Les perspectives qui s’ouvrent sont multiples : les organoïdes pourraient également être utilisés pour évaluer l’action d’une molécule pharmaceutique, valider de nouvelles stratégies thérapeutiques ou identifier des biomarqueurs de réponse aux traitements.
Répondre aux besoins des chercheurs et des cliniciens
Ce savoir-faire ne tarde pas à attirer des demandes extérieures : de là est née l’idée d’une plateforme dédiée à la production d’organoïdes tumoraux. « Nous nous sommes rapprochés d’une unité de recherche de Lille travaillant, elle aussi, sur ces méthodes, » poursuit Louis-Bastien Weiswald.

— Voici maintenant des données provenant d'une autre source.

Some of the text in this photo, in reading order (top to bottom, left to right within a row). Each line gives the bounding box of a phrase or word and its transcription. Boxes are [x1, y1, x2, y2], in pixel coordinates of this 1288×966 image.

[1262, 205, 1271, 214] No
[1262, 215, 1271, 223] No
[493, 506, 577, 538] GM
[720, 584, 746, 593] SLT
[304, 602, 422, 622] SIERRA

« Nous avons travaillé de concert pour créer deux plateformes partenaires et se coordonner de façon à répondre au mieux aux besoins des chercheurs et des cliniciens de tout le Cancéropôle Nord-Ouest. » C’est ainsi qu’ORGAPRED est créé à Caen en 2020, avec, déjà au catalogue, une quarantaine de lignées d’organoïdes dérivés de tumeurs de cancers de l’ovaire, des voies aérodigestives supérieures, du côlon, du pancréas et du sein.
À Lille, la plateforme ORGARES se spécialise dans les organoïdes issus de tumeurs cancéreuses du poumon et de l’appareil digestif. La structuration se poursuit également au niveau national, avec le réseau des plateformes « Organoïdes » labellisé par le CNRS en 2021. « Ces nouvelles méthodes d’analyse, aujourd’hui en plein essor, vont devenir incontournables à l’avenir : l’idée est de se coordonner pour travailler ensemble, partager les savoir-faire, et échanger nos modèles, au service de la recherche en santé, » conclut Laurent Poulain.
La plateforme ORGAPRED est cofinancée par l’Union européenne, la Région Normandie dans le cadre du programme opérationnel FEDER/ FSE 2014-2020 et par l’État français.